In the quest for a sustainable energy future, accurate solar power forecasting is a critical piece of the puzzle. A recent study published in the journal *IEEE Access* has shed new light on this challenge, offering a promising solution that could reshape how microgrids integrate solar energy. The research, led by Tejaswini Thota of the Vellore Institute of Technology in Chennai, India, introduces a novel approach to solar power forecasting that could enhance grid management and optimize the balance between supply and demand.
Thota and her team developed and rigorously evaluated five forecasting models, including standard LSTM, attention-enhanced custom LSTM, ARIMA, rolling window ARIMA, and Prophet. The goal was to identify the most reliable and efficient method for predicting solar power generation. The study used SARAH satellite data for training and ERA5 reanalysis data for validation, ensuring a controlled and reproducible benchmark.
The results were striking. The ARIMA(1,1,1) rolling window model, dynamically retrained using a 30-day sliding window, emerged as the top performer. “The rolling window ARIMA model demonstrated the most consistent and superior performance, achieving the lowest RMSE, MAE, and MAPE, along with the highest R2 value,” Thota explained. This model not only outperformed conventional statistical models but also surpassed modern deep learning approaches, offering strong generalization with minimal computational complexity.
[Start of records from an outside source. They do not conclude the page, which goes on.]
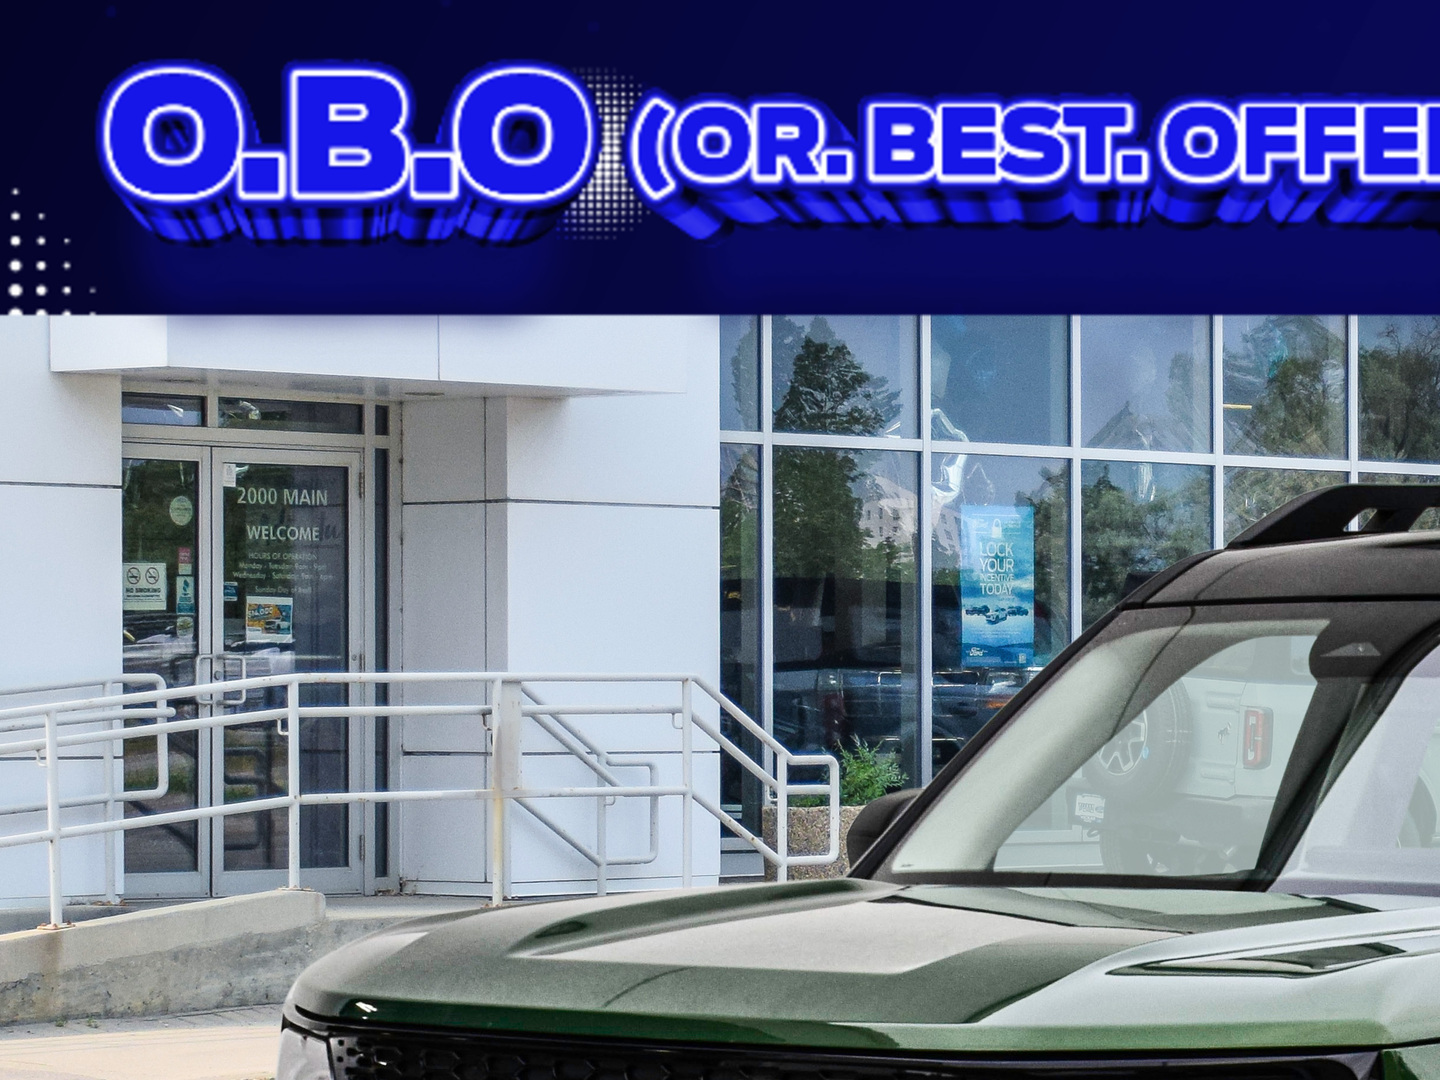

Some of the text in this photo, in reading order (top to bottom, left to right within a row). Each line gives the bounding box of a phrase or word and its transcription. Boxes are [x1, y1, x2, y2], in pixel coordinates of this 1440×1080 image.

[237, 487, 329, 507] 2000 MAIN
[246, 525, 320, 541] WELCOME
[248, 552, 271, 560] HOURS
[980, 542, 1014, 556] LOCK
[980, 558, 1015, 572] YOUR
[980, 583, 1013, 595] TODAY
The implications for the energy sector are significant. Accurate solar power forecasting is essential for efficient grid management, particularly in microgrid systems where the balance between supply and demand must be carefully optimized. “Our findings suggest that the rolling window ARIMA framework offers a statistically reliable and operationally efficient approach,” Thota noted. “This could make it an apt model for enhancing time series-based solar power forecasting in microgrid systems.”
The study also highlighted the importance of diagnostic tests. The residuals of the rolling model were found to be not correlated, nearly normal, and symmetric, validating its reliability. Comparative evaluations showed that the rolling window ARIMA model achieved forecast accuracy improvements of 71.9% and 50.9% over attention-based LSTM models, respectively.
As the world moves towards net-zero emissions, the need for precise solar power forecasting becomes ever more pressing. This research offers a valuable tool for the energy sector, providing a reliable and efficient method for integrating renewable energy into the grid. The findings could pave the way for more sophisticated and accurate forecasting models, ultimately contributing to a more sustainable and resilient energy future.
Published in the peer-reviewed journal IEEE Access, the study represents a significant step forward in the field of solar power forecasting, offering a robust solution that could enhance grid management and optimize the balance between supply and demand in microgrid systems.